Question-Specific (RAG/QA)

from compresr import CompressionClient

compresr = CompressionClient(api_key="cmp_xxx")

user_question = "What is machine learning?"

# Compress retrieved documents based on the query
compressed = compresr.compress(
    context="Retrieved documents from your vector DB...",
    query=user_question,
    compression_model_name="latte_v1",
    target_compression_ratio=0.5  # optional, default: 0.5
)

# Use with any LLM provider
messages = [
    {"role": "system", "content": compressed.data.compressed_context},
    {"role": "user", "content": user_question}
]

Chunk Filtering (RAG Pre-filter)

from compresr import FilterClient

filter_client = FilterClient(api_key="cmp_xxx")

user_question = "What is machine learning?"
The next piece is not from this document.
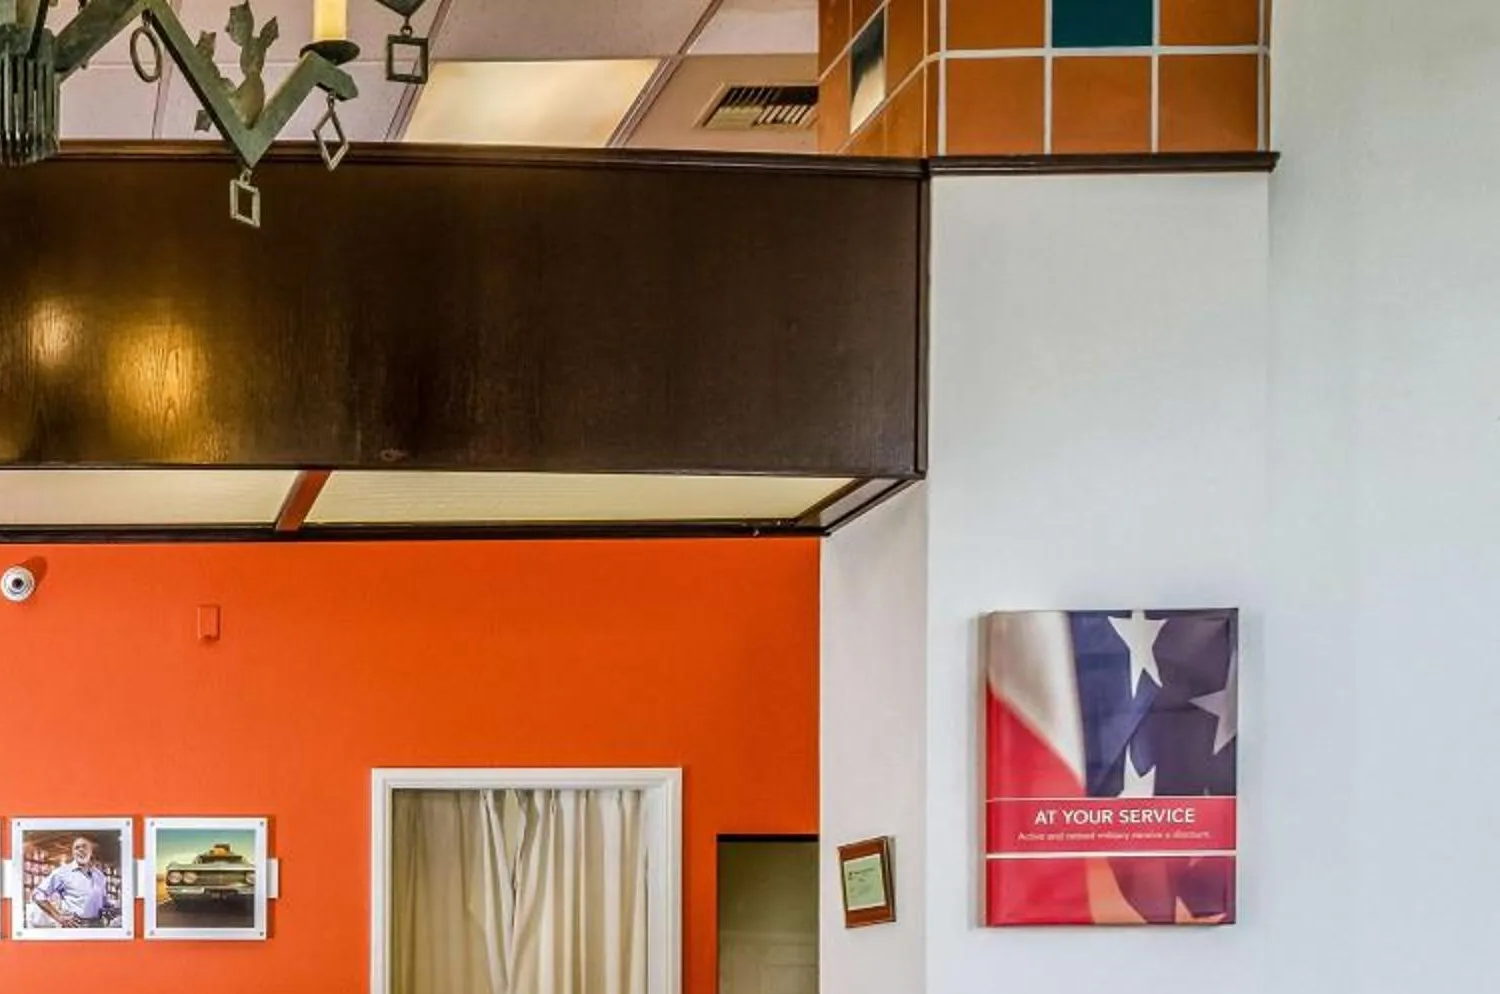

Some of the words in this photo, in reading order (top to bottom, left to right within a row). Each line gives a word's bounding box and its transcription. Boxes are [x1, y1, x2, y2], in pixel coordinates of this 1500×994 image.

[1035, 809, 1057, 824] AT
[1062, 809, 1113, 824] YOUR
[1119, 808, 1196, 824] SERVICE
# Filter retrieved chunks — keep only relevant ones
filtered = filter_client.filter(
    chunks=["Chunk about ML...", "Chunk about cooking...", "Chunk about AI..."],
    query=user_question
)

# filtered.data.compressed_context is List[str] of kept chunks
context = "\n".join(filtered.data.compressed_context)
messages = [
    {"role": "system", "content": context},
    {"role": "user", "content": user_question}
]

License

Proprietary License - see LICENSE for details.